By Allison Aubrey
February 26, 2018
Only about 50 percent of adolescents with depression get diagnosed before reaching adulthood. And as many as 2 in 3 depressed teens don't get the care that could help them.
|It's easy to mistake adolescent depression for something else, child psychiatrists|
say; the signs can include misbehavior, eating problems or sleep trouble.
"It's a huge problem," says Dr. Rachel Zuckerbrot, a board-certified child and adolescent psychiatrist and associate professor at Columbia University.
To address this divide, the American Academy of Pediatrics has issued updated guidelines this week that call for universal screening for depression.
"What we're endorsing is that everyone, 12 and up, be screened ... at least once a year," Zuckerbrot says. The screening, she says, could be done during a well-visit, a sports' physical or during another office visit.
Zuckerbrot helped write the guidelines, which have been in development for a while. The U.S. Preventive Services Task Force also recommends depression screening, and many pediatricians have already woven the screenings into their practices.
"Teenagers are often more honest when they're not looking somebody in the face who's asking questions," about their emotional health Zuckerbrot says. So, most pediatricians use a self-reported questionnaire that teens fill out themselves, either on an electronic device or on paper.
"It's an opportunity for the adolescent to answer questions about themselves privately," she says.
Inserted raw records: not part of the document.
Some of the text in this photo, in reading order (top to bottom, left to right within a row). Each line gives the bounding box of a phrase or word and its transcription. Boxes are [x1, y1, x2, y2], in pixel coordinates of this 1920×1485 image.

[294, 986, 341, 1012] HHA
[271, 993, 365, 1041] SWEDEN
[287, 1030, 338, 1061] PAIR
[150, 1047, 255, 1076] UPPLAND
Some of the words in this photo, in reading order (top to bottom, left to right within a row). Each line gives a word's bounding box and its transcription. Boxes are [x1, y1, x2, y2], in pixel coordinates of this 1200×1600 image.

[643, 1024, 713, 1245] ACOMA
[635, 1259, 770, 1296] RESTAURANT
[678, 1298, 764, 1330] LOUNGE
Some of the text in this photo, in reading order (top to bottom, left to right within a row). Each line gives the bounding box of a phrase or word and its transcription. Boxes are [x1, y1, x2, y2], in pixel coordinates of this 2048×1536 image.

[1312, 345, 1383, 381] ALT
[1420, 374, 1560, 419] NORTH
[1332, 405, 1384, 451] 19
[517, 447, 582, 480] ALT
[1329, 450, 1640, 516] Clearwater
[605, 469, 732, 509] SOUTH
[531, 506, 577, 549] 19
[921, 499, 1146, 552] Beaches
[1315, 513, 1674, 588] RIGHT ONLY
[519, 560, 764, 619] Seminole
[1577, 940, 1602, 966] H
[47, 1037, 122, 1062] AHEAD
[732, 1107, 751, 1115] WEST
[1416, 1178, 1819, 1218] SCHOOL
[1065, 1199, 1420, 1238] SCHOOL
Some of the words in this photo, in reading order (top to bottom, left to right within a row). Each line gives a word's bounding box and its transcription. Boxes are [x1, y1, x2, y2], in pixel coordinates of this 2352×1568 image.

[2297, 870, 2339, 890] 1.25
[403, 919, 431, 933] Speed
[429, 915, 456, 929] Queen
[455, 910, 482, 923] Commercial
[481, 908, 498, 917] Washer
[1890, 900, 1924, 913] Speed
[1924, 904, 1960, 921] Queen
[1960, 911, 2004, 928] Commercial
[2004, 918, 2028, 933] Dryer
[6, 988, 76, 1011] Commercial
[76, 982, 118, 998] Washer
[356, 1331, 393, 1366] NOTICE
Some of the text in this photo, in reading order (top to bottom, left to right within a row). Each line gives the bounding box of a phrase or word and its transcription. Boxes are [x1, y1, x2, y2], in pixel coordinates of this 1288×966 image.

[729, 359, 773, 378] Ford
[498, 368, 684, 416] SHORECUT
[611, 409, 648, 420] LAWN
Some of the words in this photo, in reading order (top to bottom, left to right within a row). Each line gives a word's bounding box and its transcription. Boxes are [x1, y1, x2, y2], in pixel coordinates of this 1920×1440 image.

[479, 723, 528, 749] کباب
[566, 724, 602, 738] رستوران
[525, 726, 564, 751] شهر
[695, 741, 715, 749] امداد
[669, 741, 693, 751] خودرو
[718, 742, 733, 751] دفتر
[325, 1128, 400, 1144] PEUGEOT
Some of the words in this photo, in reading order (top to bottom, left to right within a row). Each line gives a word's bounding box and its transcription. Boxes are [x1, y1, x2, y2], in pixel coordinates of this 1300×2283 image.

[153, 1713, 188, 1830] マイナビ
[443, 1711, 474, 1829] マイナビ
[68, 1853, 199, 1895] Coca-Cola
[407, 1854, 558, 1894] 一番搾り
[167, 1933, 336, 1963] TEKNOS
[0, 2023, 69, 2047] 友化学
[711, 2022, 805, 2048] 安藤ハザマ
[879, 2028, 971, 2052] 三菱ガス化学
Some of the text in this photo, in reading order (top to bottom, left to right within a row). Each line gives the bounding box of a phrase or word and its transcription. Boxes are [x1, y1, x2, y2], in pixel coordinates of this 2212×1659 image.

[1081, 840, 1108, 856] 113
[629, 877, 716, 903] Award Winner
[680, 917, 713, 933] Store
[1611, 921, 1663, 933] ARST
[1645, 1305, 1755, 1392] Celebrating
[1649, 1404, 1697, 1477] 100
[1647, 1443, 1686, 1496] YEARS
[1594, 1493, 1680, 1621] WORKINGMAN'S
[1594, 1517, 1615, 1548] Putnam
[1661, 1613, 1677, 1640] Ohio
The questionnaires contain a range of questions. For instance, one version, asks: 'Over the past two weeks, how often have you been bothered by any of the following problems: feeling down, depressed or hopeless? Or, little interest or pleasure in doing things?'
Teens are also asked questions such as, 'Are you having difficulty with sleep, either too much or too little?' 'Any problems with eating?'
The new recommendations also call for families with a depressed teen to develop a safety plan to restrict the young person's access to lethal means of harm. Suicide is a leading cause of death for children aged 10 to 17, and "adolescent suicide risk is strongly associated with firearm availability," according to an AAP report.
There's growing awareness in the U.S. of the need for young people to have good access to mental health care, says Dr. Doug Newton, a child psychiatrist at Kaiser Permanente in Colorado. "As a nation this has become part of the dialogue; it increasing"
"People are aware of what's happening in our schools and the importance of mental health," Newton says. Kaiser Permanente has a stigma-reduction campaign called Find Your Words.
"Stigma is a huge challenge," he says, "specifically for adolescents. Often times they're not coming in to get help because of the stigma attached."
It's not easy to talk about depression, yet the problem is fairly common. During the teenage years, there's about a 20 percent [chance] of having depression or anxiety, research suggests.
"It's highly prevalent," Newton says. The goal of the "Find Your Words" campaign is to help make depression easier for everyone to talk about.
Another challenge to diagnosis is that families often don't detect depression, or they confuse it for something else.
"Sometimes teens are acting out or misbehaving," Zuckerbrot says. They're seen as being hostile or bad. "When, instead, they're really suffering from depression."